Every where you go these days there seems to be a proliferation of appliances at the edge of the network dedicated to managing one element or another of the security infrastructure.
This makes sense given today's environments because these appliances essentially offload that specific task from the network. Otherwise, IT organizations would be required to refresh every device on the network to make it able to deal with all the potential security and compliance issues facing the organization. Obviously, that's prohibitively expensive approach to the problem.
But the end result of the appliance approach is a lot of clutter at the edge of the network that creates an expanding management headache with each new appliance added to the network. Worse yet, with each dedicated device handling a specific task, there is little coordination across the network appliances.
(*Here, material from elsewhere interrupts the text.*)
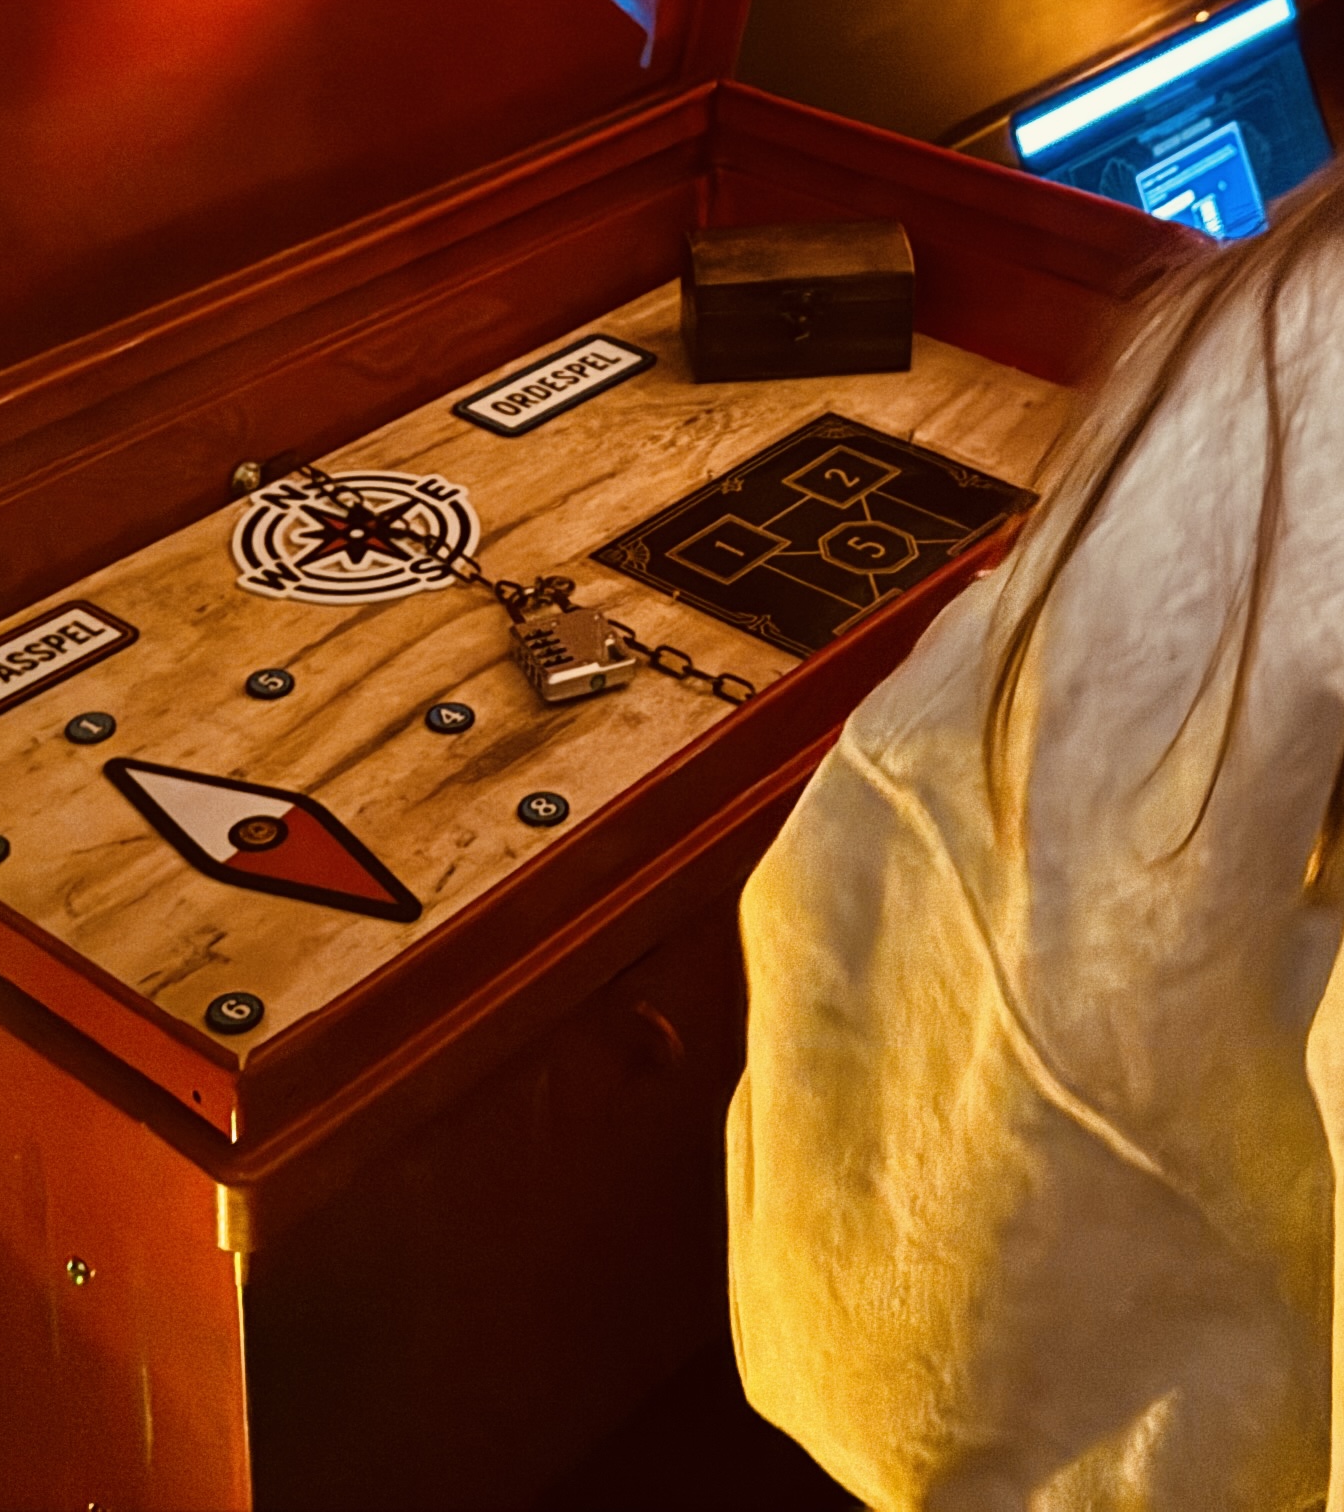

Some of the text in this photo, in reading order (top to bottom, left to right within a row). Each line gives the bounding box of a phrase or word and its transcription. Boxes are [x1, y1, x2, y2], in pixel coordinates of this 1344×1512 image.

This makes it easier for increasingly more sophisticated blended attacks to occur by exploiting the seams between various dedicated appliances.
These issues make a startup company called ConSentry Networks led by CEO Tom Barsi, which is scheduled to launch its first product this summer, very interesting. ConSentry is building yet another appliance, but this one is based on processor technology developed by ConSentry. Barsi and team claim that this offering allows this product to do a deep inspection of every packet on the network in real time without adversely affecting overall network performance.
This could mean that rather than trying to put our collective finger in the dike by deploying appliance at the edge of the network, we could in theory deploy appliances anywhere on the network to check for security threats in real time. That approach, in theory, could secure systems at the network, application and data level while reducing the number of actual security appliances that need to be deployed and managed.
Naturally, Juniper and Cisco expect to eventually embed similar technologies in their core offerings as part of an effort to create self-defending networks, but in the mean time ConSentry might offer a way to take a giant step in the right direction when it comes to developing a real defense versus continuing to throw hardware at the problem and hope for the best.
ConSentry hasn't revealed yet what their device will cost and still has to prove that it works. But the track record of company chairman and CTO Jeff Prince, who was one of the co-founders of Foundry Networks, gives is reason to hope this approach may actually represent a real security advance rather than overlaying yet another band-aid on what remains our collective gaping wound.